Small businesses looking to upgrade their telecom situation are sometimes apprehensive. Solutions are often complex and typically require some degree of technical expertise to deploy. If you don’t already have it in house—and most with fewer than 20 employees do not—that expertise is going to cost you.
“You look at the market and it is pretty scary,” said Randy Busch.
As CEO of Toronto-based Jazinga, Busch says he can take fear out of the equation. Jazinga recently released a combined hardware/software solution that wraps together many features of high-end, corporate voice systems along with wireless networking, fax and e-mail. It’s UC for the masses.
Small businesses are understandably apt to shy away from the prospect of hiring pricey tech support to install and maintain complex phone systems. Compounding the situation are the VARs, who typically have been reluctant to devote their attention to small-business deployments that might take a week and yet yield relatively little return. Why spend days with a 10-person company when that same time could be devoted a 100- or 1,000-person firm, with commensurately higher fees?
Busch says the solution lies in ease of use—at every stage of the life cycle—and that was the concept around which he and his team went to work. If they were going to deliver rich functionality, it would have to be not only affordable (Jazinga sells for about $1,100) but also extremely user friendly.
This begins with the promise of DIY installation. “From the installation menus we have made it all plain-language, business kinds of questions: Who are your users? What’s the script for your auto attendant?”
Care and feeding is likewise simplified, with auto-detect features designed to make it easy to add new phones to the system. Rather than configure network elements to ensure quality of service and reliability, users can simply plug in and let Jazinga do the rest.
“We can detect when a phone is plugged in and we can go out and auto-provision the phone for that user,” Busch said. This is made possible thanks to a hardware configuration in which the Jazinga appliance incorporates not just the IP PBX but also a router and Wi-Fi functionality.
While getting those components into a single box may not have been to technically challenging, developing the software needed to control it all was a little trickier. “There was a lot of testing to make sure the integration all worked properly,” Busch said.
Despite the hurdles, Jazinga’s 12 employees were able to bring a product to market in only about a year and a half. Busch said it helped that Jazinga is built upon the open source Asterisk platform, which contained some of the needed components ready-built.
Jazinga takes more than just a mechanical approach to the small business market. This is not just about functionality but rather about philosophy, a way of thinking that in turn shapes the tools one may deliver.

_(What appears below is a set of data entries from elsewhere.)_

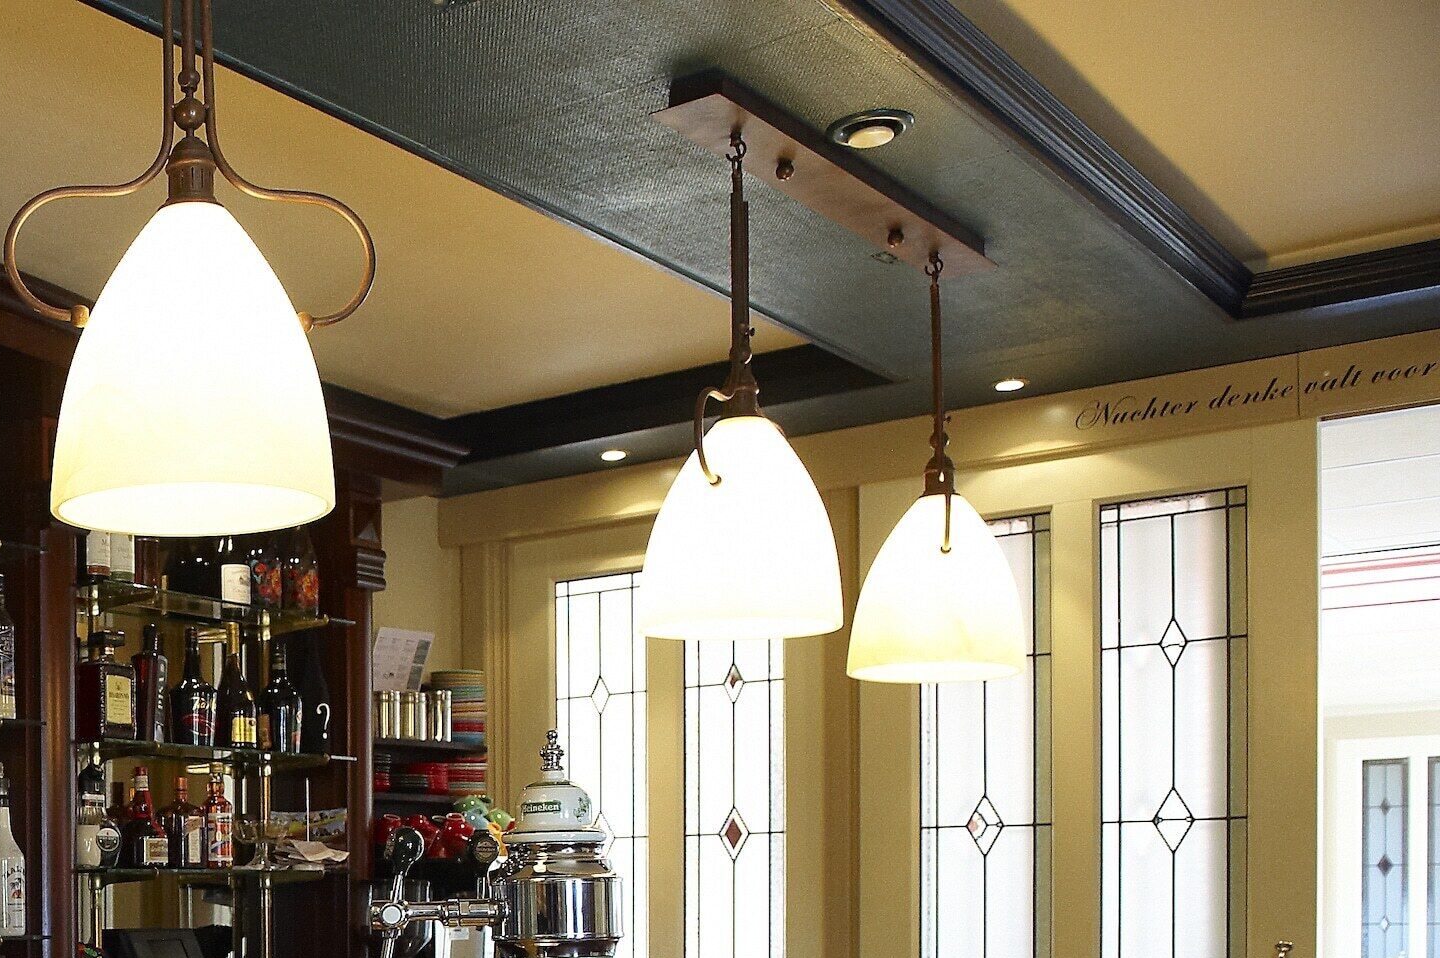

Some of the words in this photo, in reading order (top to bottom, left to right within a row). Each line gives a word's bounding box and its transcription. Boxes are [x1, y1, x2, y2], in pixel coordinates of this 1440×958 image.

[1075, 395, 1198, 431] Nuchter
[1304, 364, 1362, 395] valt
[1371, 361, 1437, 383] voor
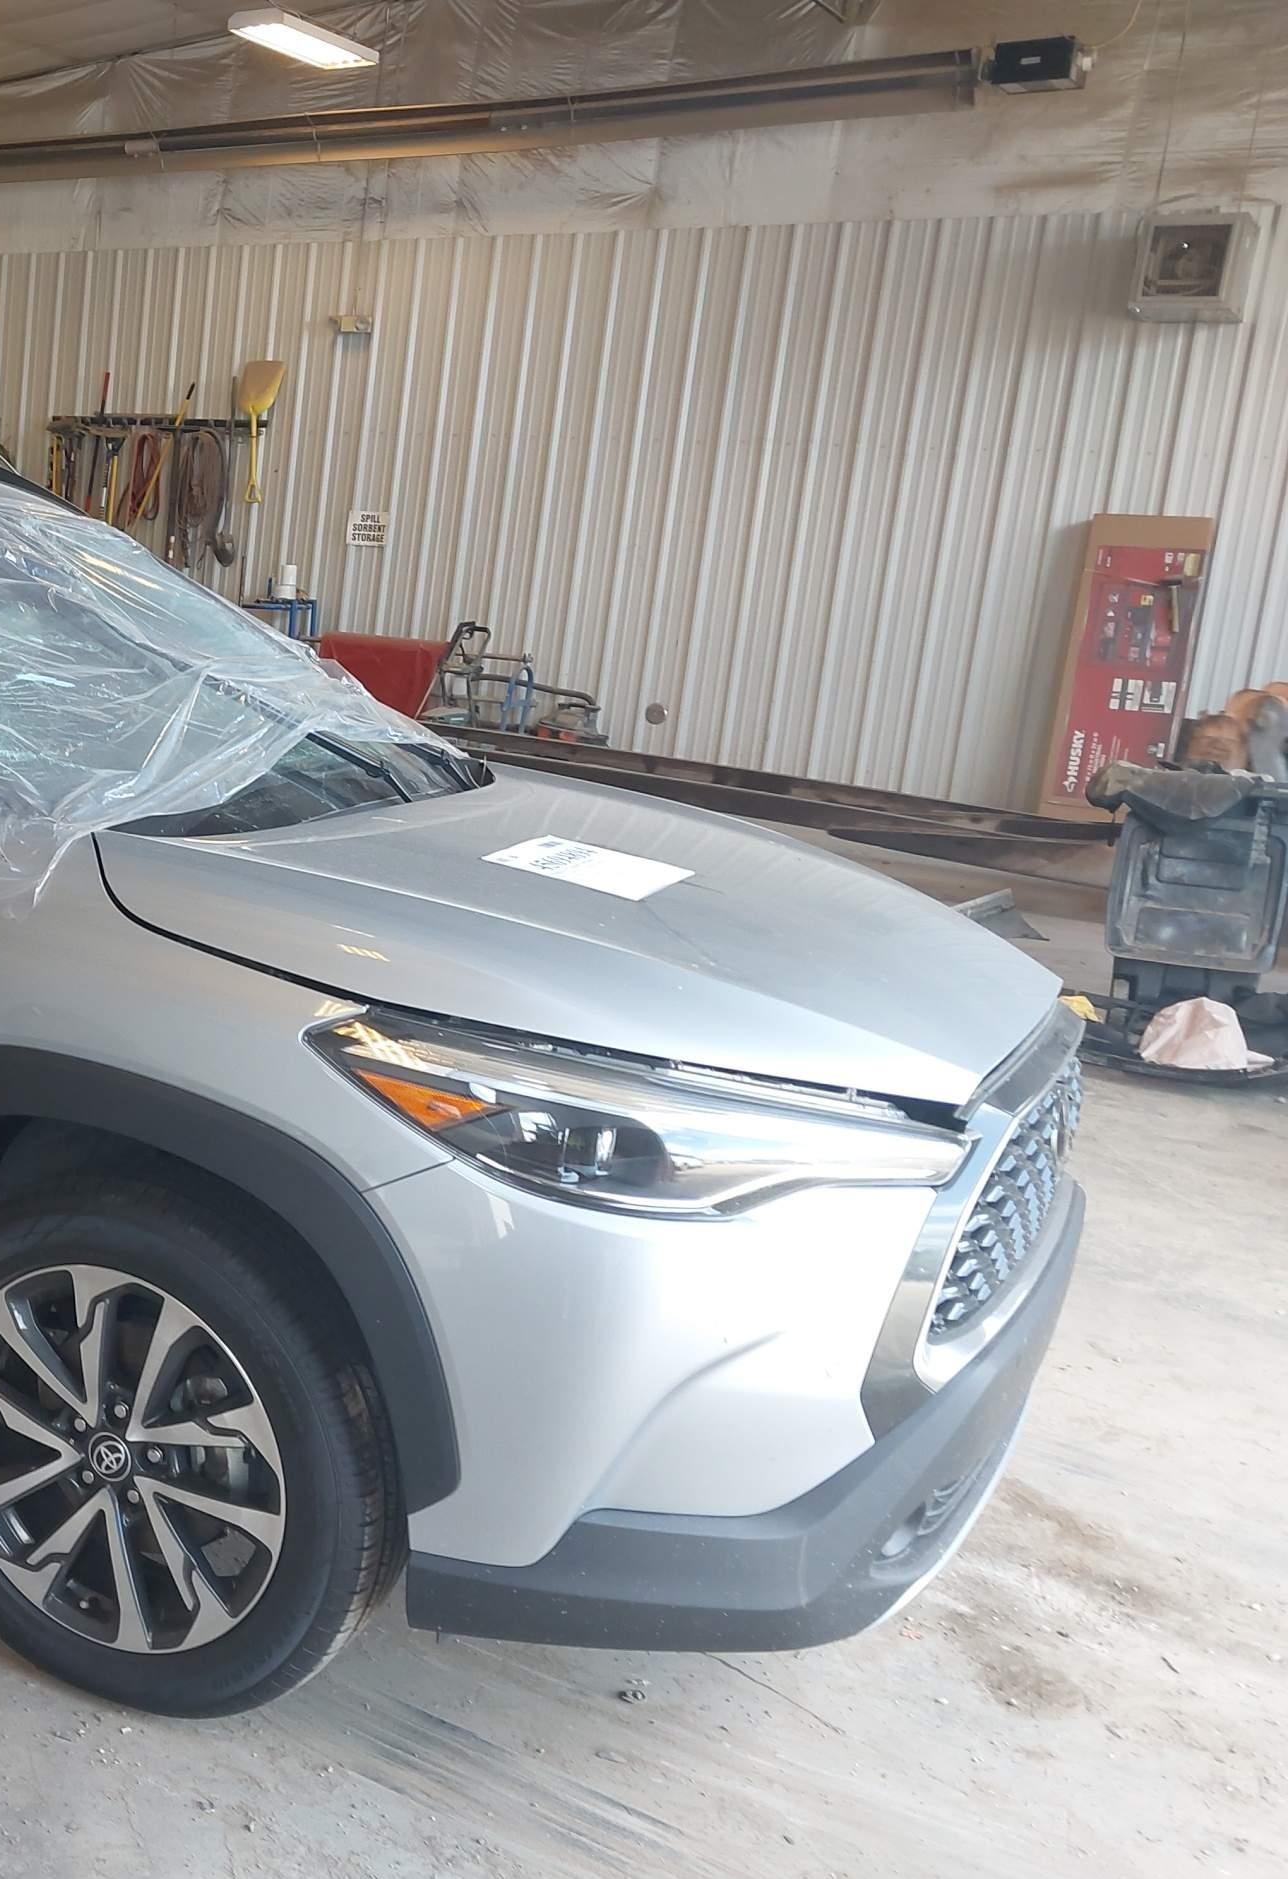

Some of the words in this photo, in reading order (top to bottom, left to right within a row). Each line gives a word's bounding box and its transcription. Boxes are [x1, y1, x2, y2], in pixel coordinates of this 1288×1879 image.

[360, 514, 380, 523] SPILL
[352, 523, 386, 533] SORBENT
[352, 532, 384, 542] STORAGE
[1067, 730, 1085, 777] HUSKY

Busch defines this by what Jazinga is not. It is not a scaled-down version of an enterprise solution. “When you are working with these large enterprise solutions you get all this complexity, the separate networks, the need for technical expertise. It’s part of their DNA,” and it lingers even when these packages are reduced in size and scope, he said.

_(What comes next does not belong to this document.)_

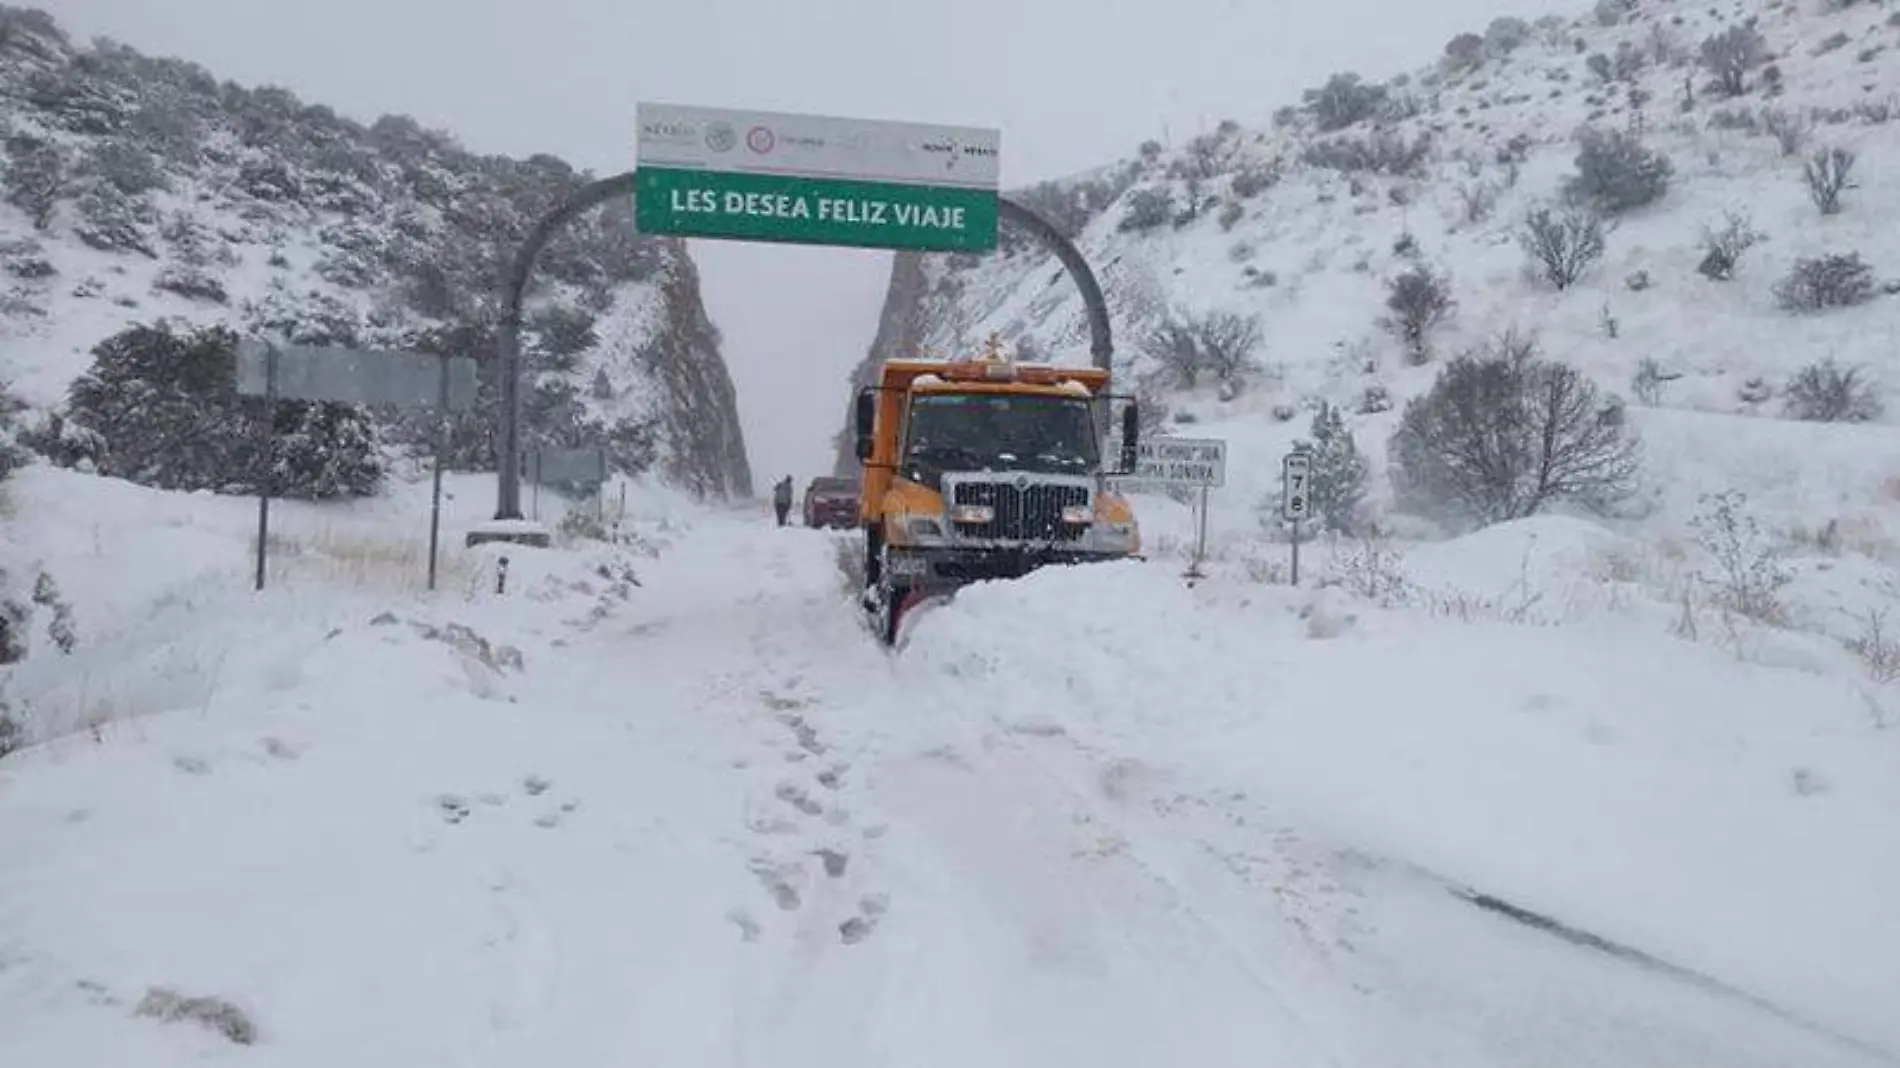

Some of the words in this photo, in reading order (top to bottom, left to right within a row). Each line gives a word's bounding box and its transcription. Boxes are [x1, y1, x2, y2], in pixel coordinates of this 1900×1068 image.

[671, 189, 715, 212] LES
[724, 192, 809, 219] DESEA
[818, 199, 886, 224] FELIZ
[894, 203, 965, 229] VIAJE

Jazinga on the other hand was built from the ground up with small-business users in mind, as a way to introduce those users to a new level of functionality. “Now they are looking at the ability to address their growing data capabilities and to combine those with voice, without needing all this outside expertise.”

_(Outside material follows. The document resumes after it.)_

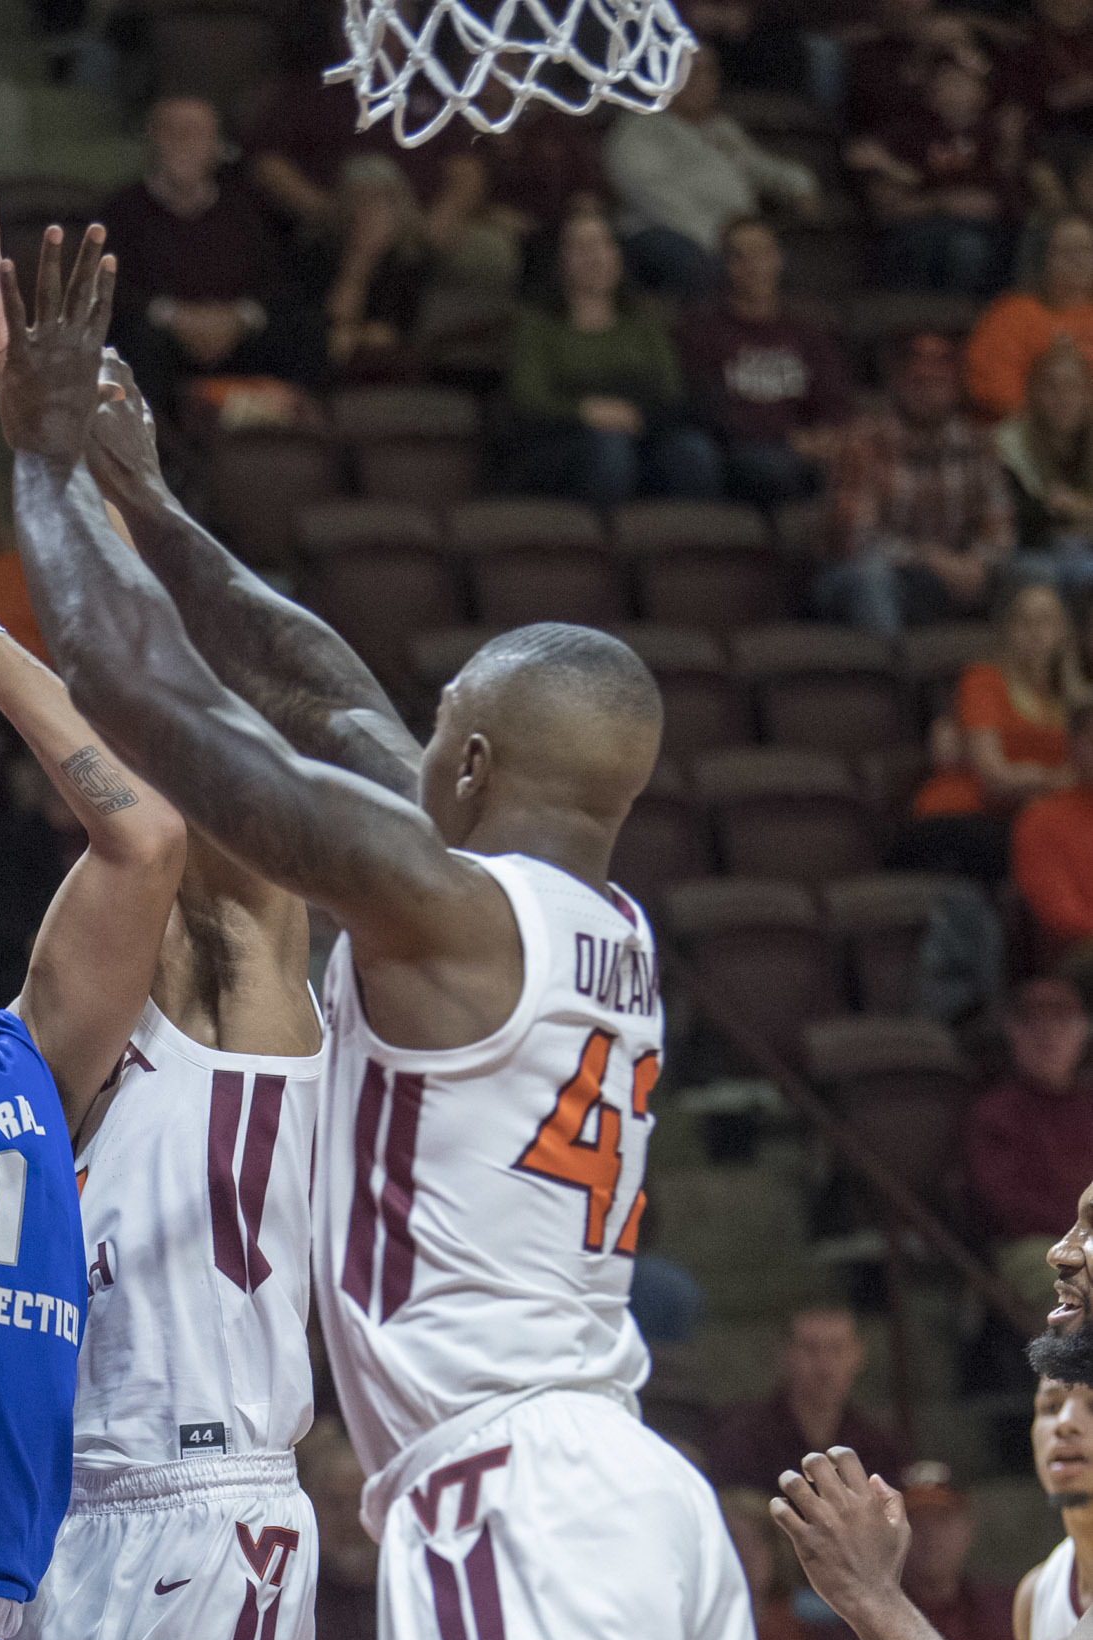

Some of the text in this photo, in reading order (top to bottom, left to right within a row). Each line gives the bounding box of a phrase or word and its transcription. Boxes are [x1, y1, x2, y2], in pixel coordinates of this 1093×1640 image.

[189, 1429, 214, 1443] 44
[407, 1445, 512, 1537] VT
[235, 1521, 300, 1587] VT

That’s all very well if one is willing to turn a blind eye to the 800-pound gorilla in the room: Microsoft’s Response Point, which promises to do essentially the same thing as Jazinga, bringing voice and data to small users at an affordable price.
“We view them as a competitor, but we are quite happy to see them there. High tides float all boats,” Busch said. With its marketing muscle, Microsoft can spread word of VoIP to the small business community faster than Jazinga every could.
Busch does claim some capabilities that outshine Response Point, strengths in such areas as multilevel auto attendants and powerful team capabilities. Jazinga also supports any analog or SIP phone, while Response Point limits users to a select group of vendors.
At the end of the day, though, it is Jazinga’s ease of use that Busch believes will carry the day. “We wan to lower the bar on the technical requirements, on the limits of who can do this.”